Many students (some Catholic students included) take advantage of contraceptives to prevent untimely pregnancies.  Much money, research and time has been put into the creation of contraceptives, which, in this world, provide women a way to reach equality with men in the workforce.  It’s hard to become a rich, powerful boss-lady when you end up pregnant before finishing your schooling. The fact that many women, especially those with a medical career track, have a long road of schooling ahead makes the necessity for contraception even greater unless they want to be lonely cat ladies.  This is a personal lifestyle choice, and it isn’t the University’s place to limit access to it by taking away financial coverage.  One could argue the University isn’t banning the use of contraceptives and has a right to take no part in student access to it, and they would be correct.  However, for many female students, forking out money from their own pockets every month for birth control isn’t an option. This creates a privilege gap between those with money and those without. The views of the University shouldn’t be used to directly influence the lifestyle choices of the student body, and they shouldn’t be able to prevent underprivileged students continued access to the product.

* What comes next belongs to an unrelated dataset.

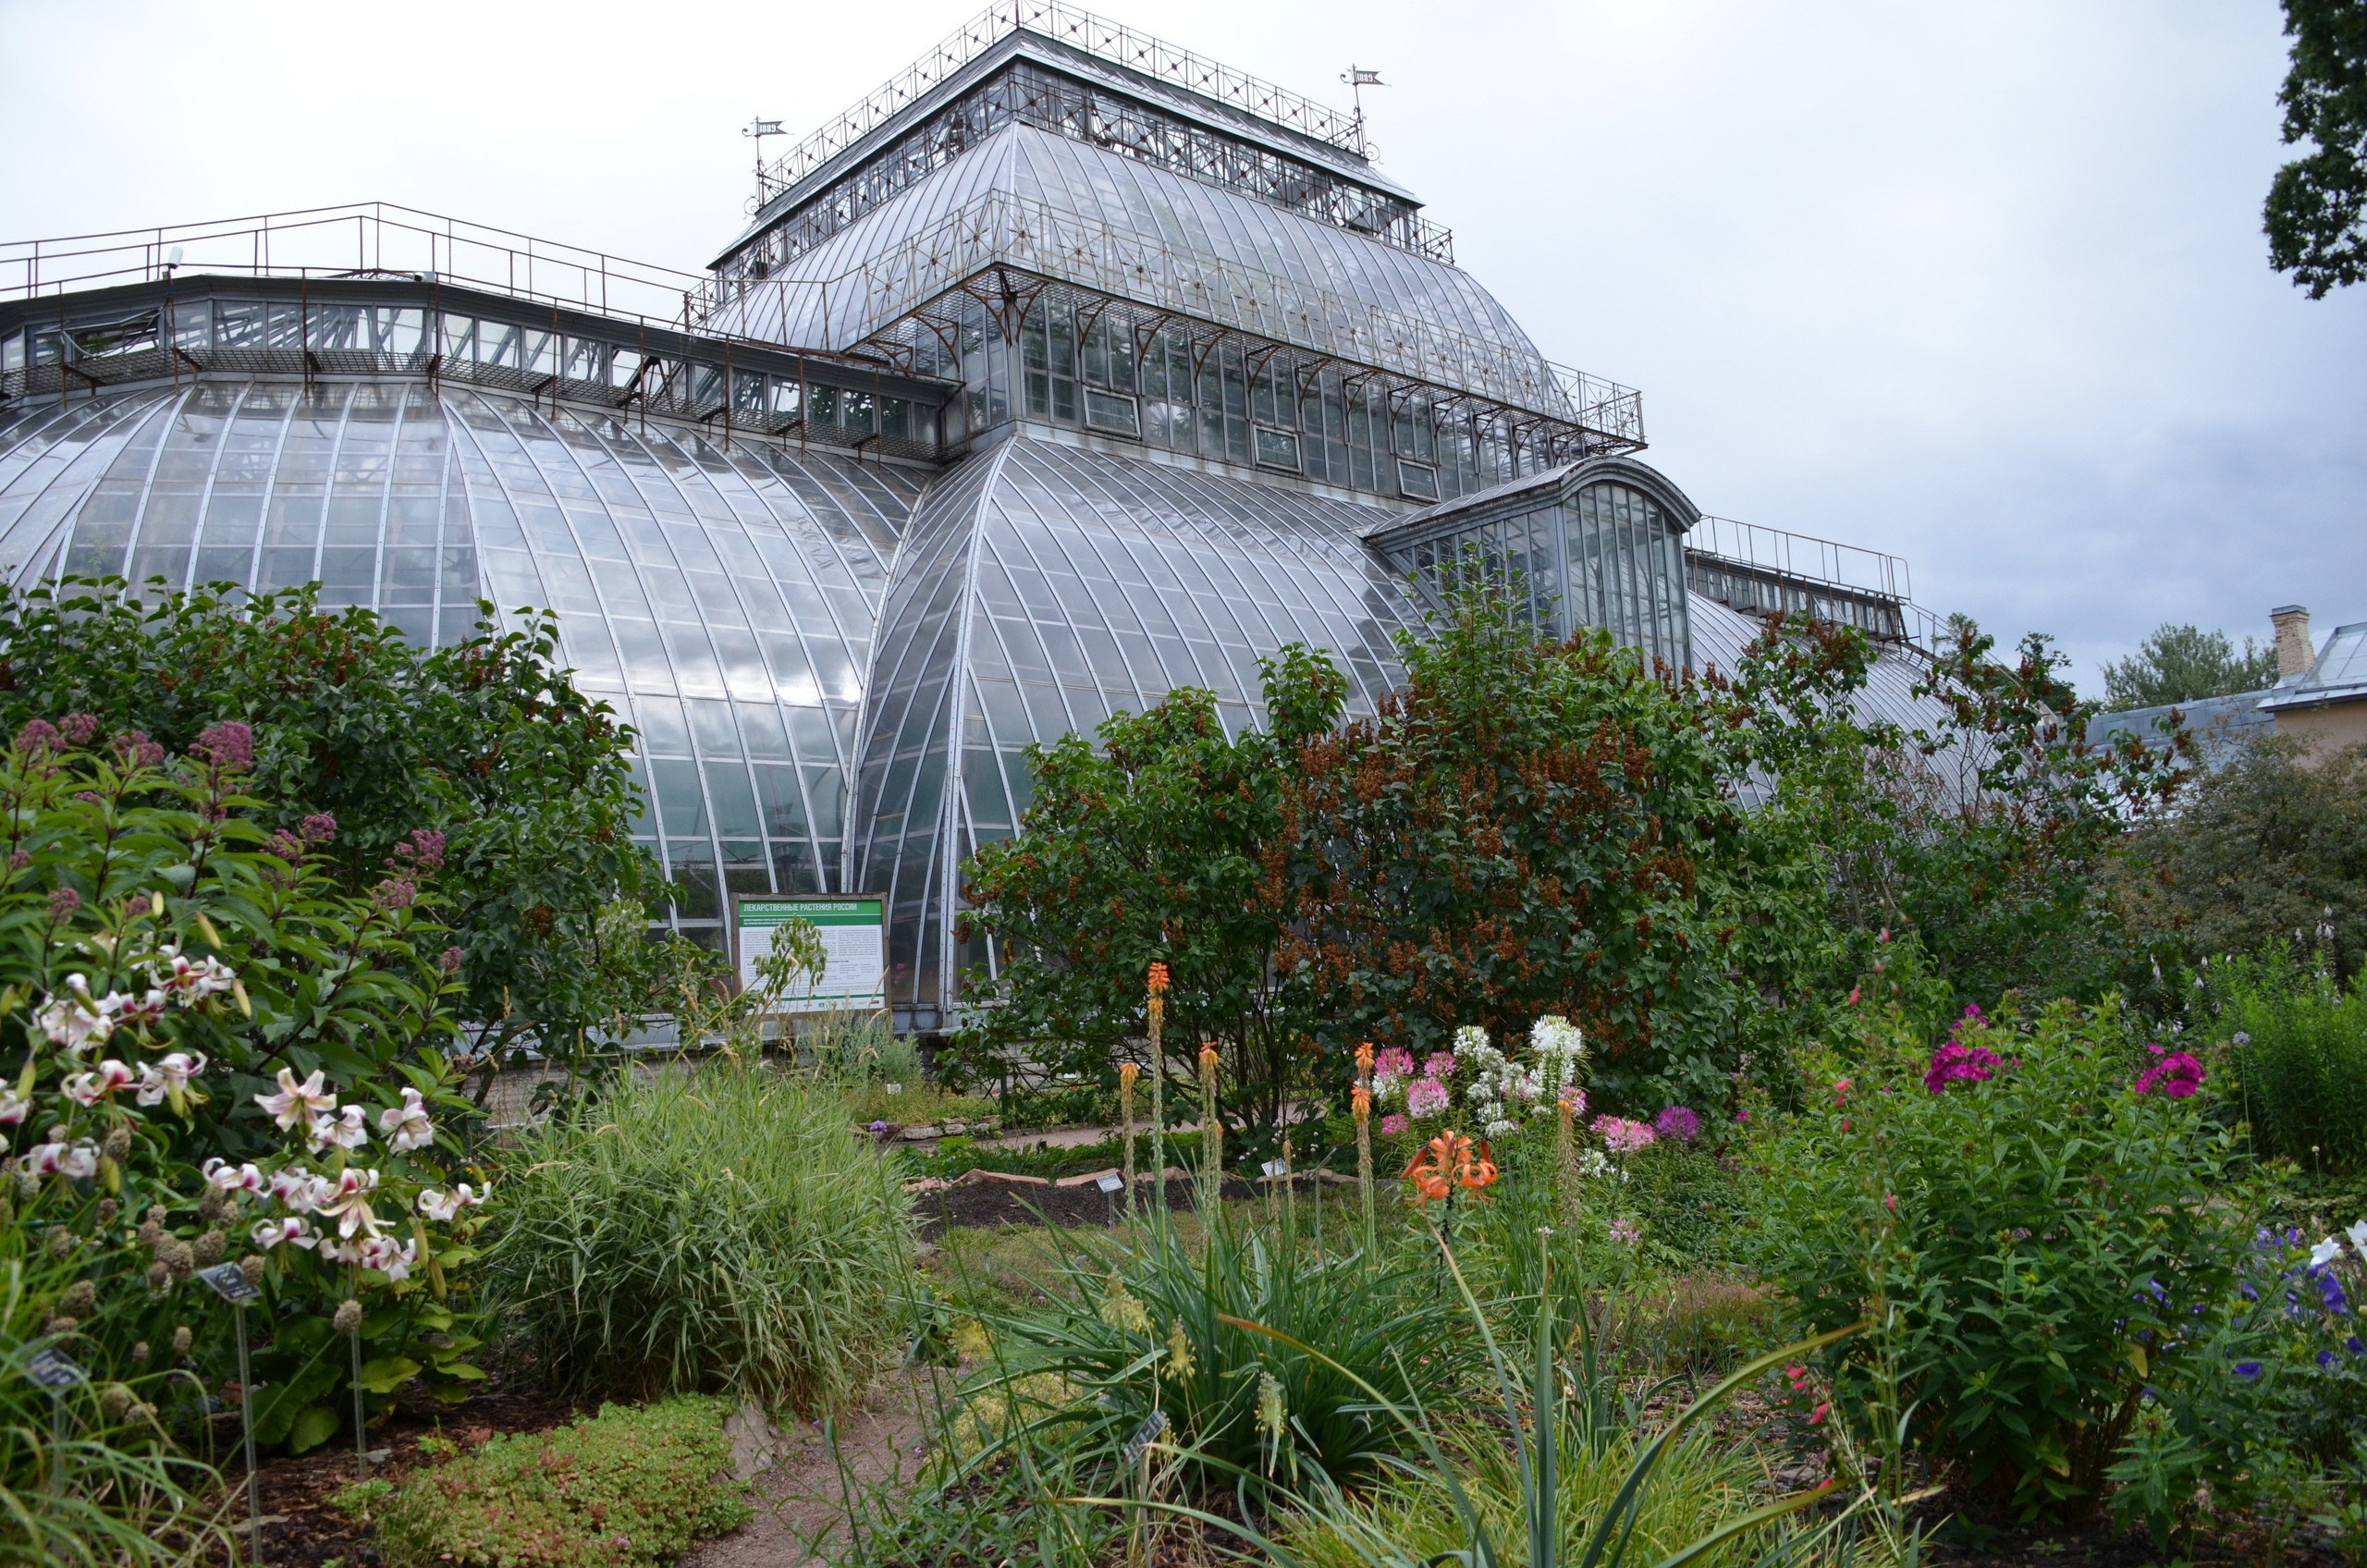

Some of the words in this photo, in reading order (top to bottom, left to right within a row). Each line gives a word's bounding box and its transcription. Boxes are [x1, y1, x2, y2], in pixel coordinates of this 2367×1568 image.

[743, 903, 799, 912] ЛЕКАРСТВЕННЫЕ
[800, 903, 832, 912] РАСТЕНИЯ
[833, 902, 858, 911] РОССИИ
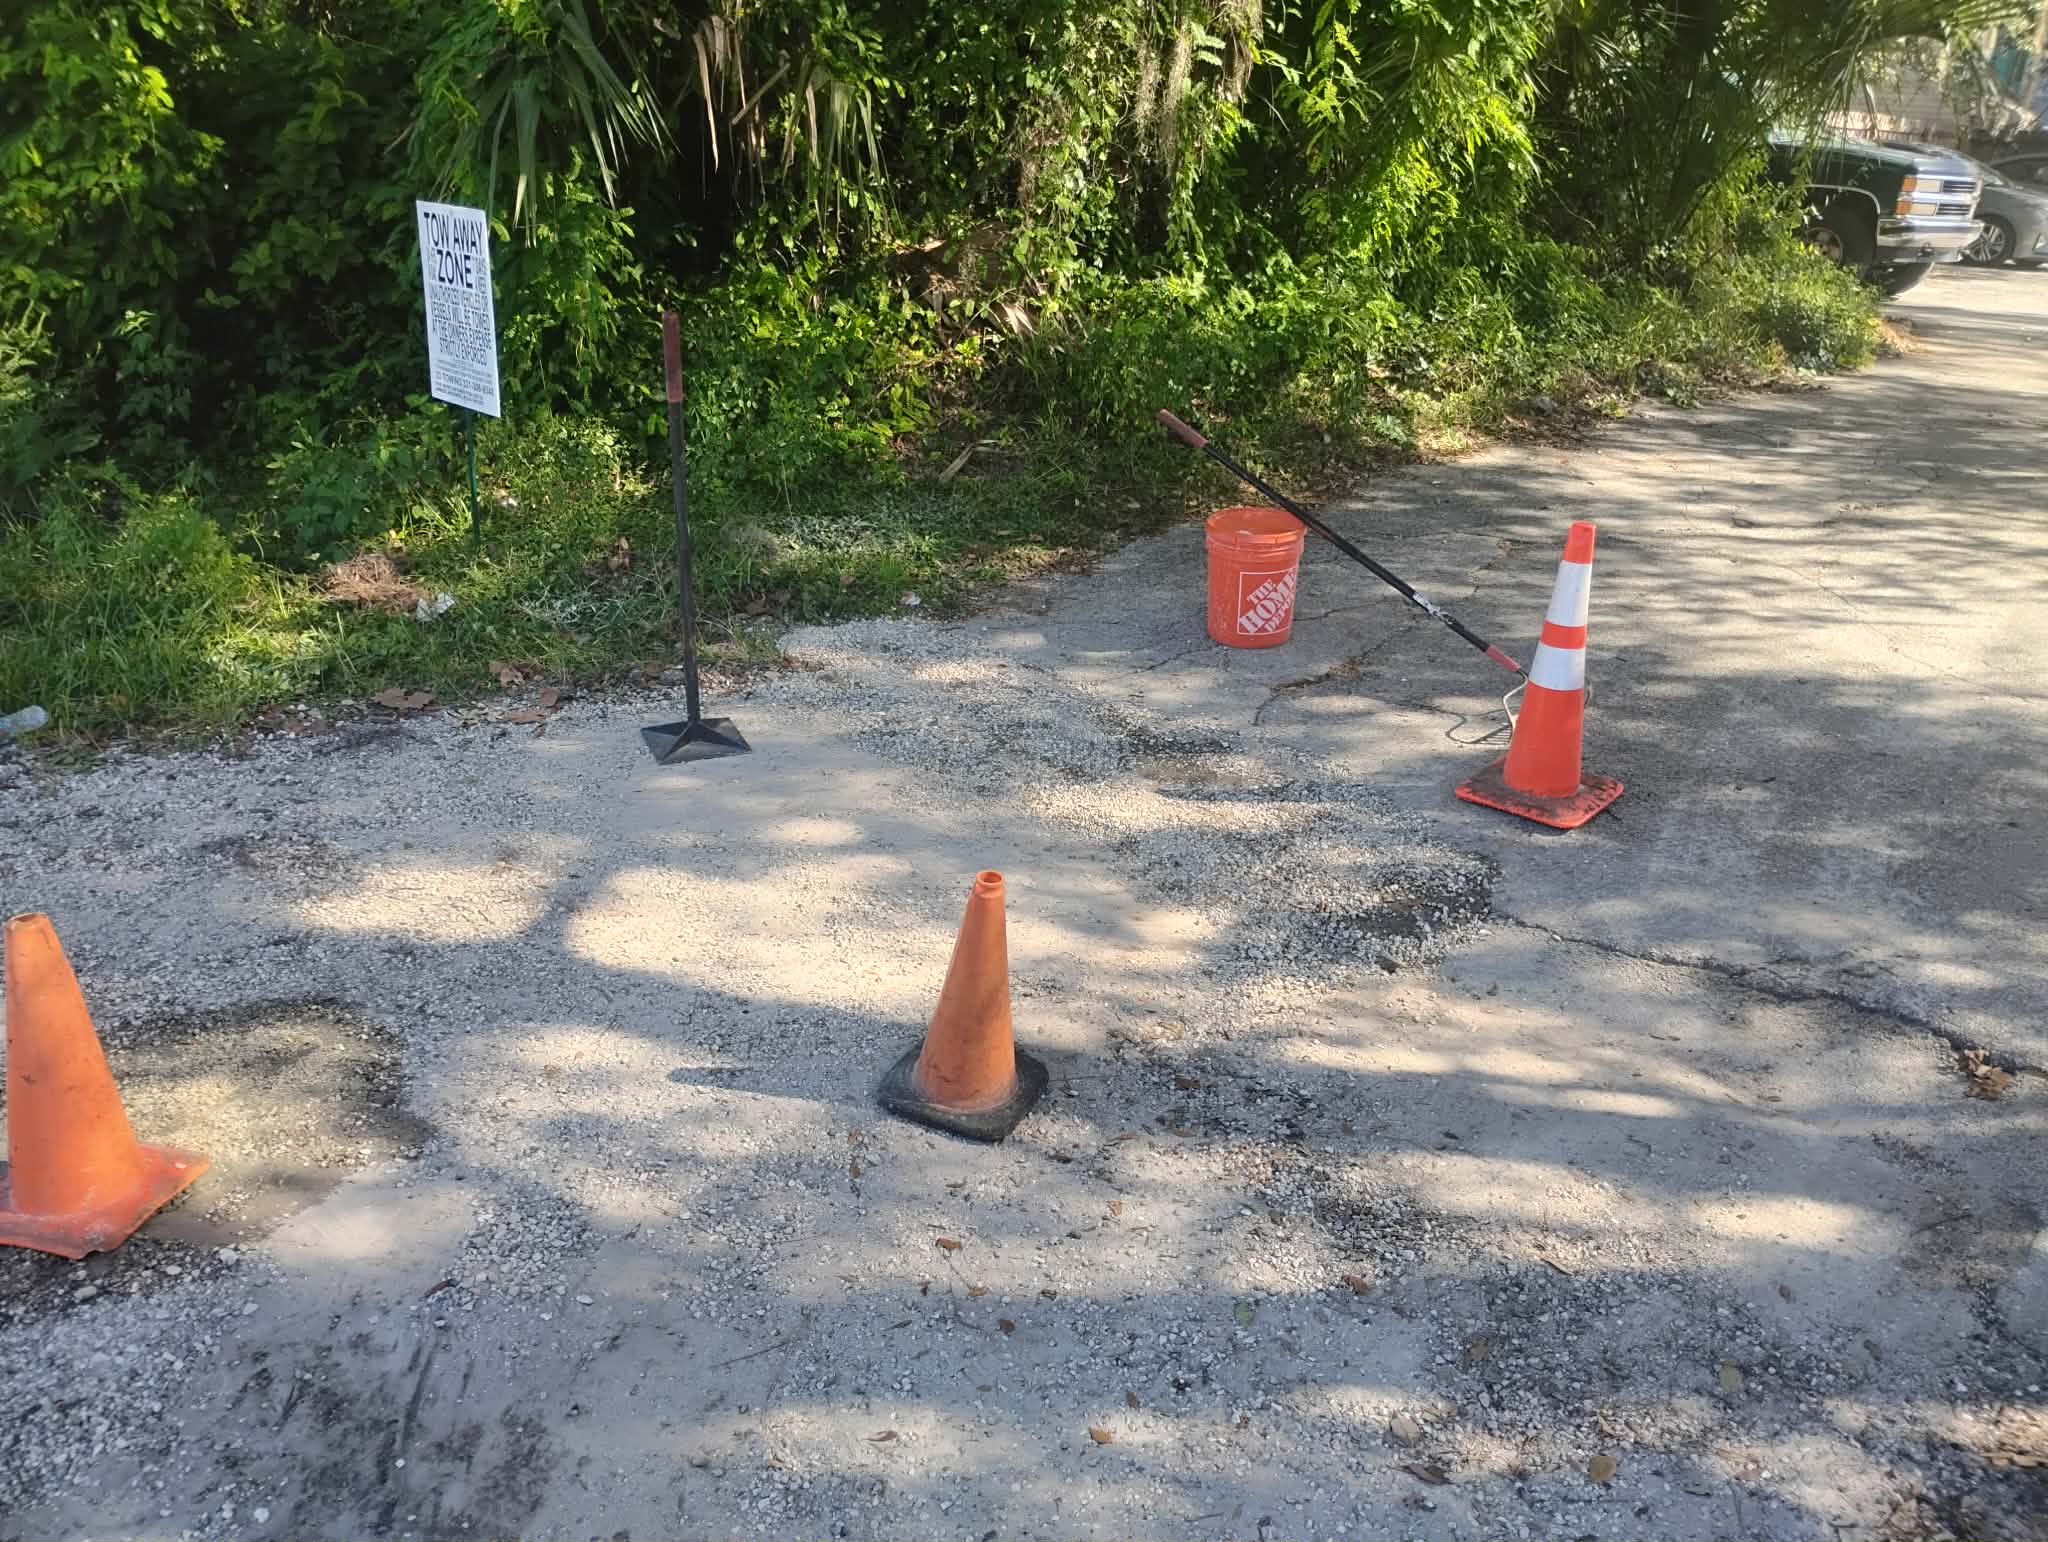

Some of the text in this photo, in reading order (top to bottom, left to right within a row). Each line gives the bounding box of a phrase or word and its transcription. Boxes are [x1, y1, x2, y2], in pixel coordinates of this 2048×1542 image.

Along with the idea that the University should uphold its commitment to acceptance of all views, I would like to point out a more pressing issue on campus that should probably hold a bigger spotlight than a responsible female adult’s personal business. Lately, we’ve had a couple sexual assaults on campus, despite all our efforts to prevent it. If we have students running around raping each other, why is contraception the issue of choice?  Sure, we have the GreeNDot program and a Moreau class to tell us that rape is bad. But if we need all of that as a society to know not to use another human being like that, I think we all need a bit of religious reform that goes way past the use of contraceptives. It is important to focus on what’s truly important on campus and maintain the freedom and diversity of beliefs that the University claims to want to uphold.

Vanessa Davis


Nov. 27

The views expressed in this Letter to the Editor are those of the author and not necessarily those of The Observer.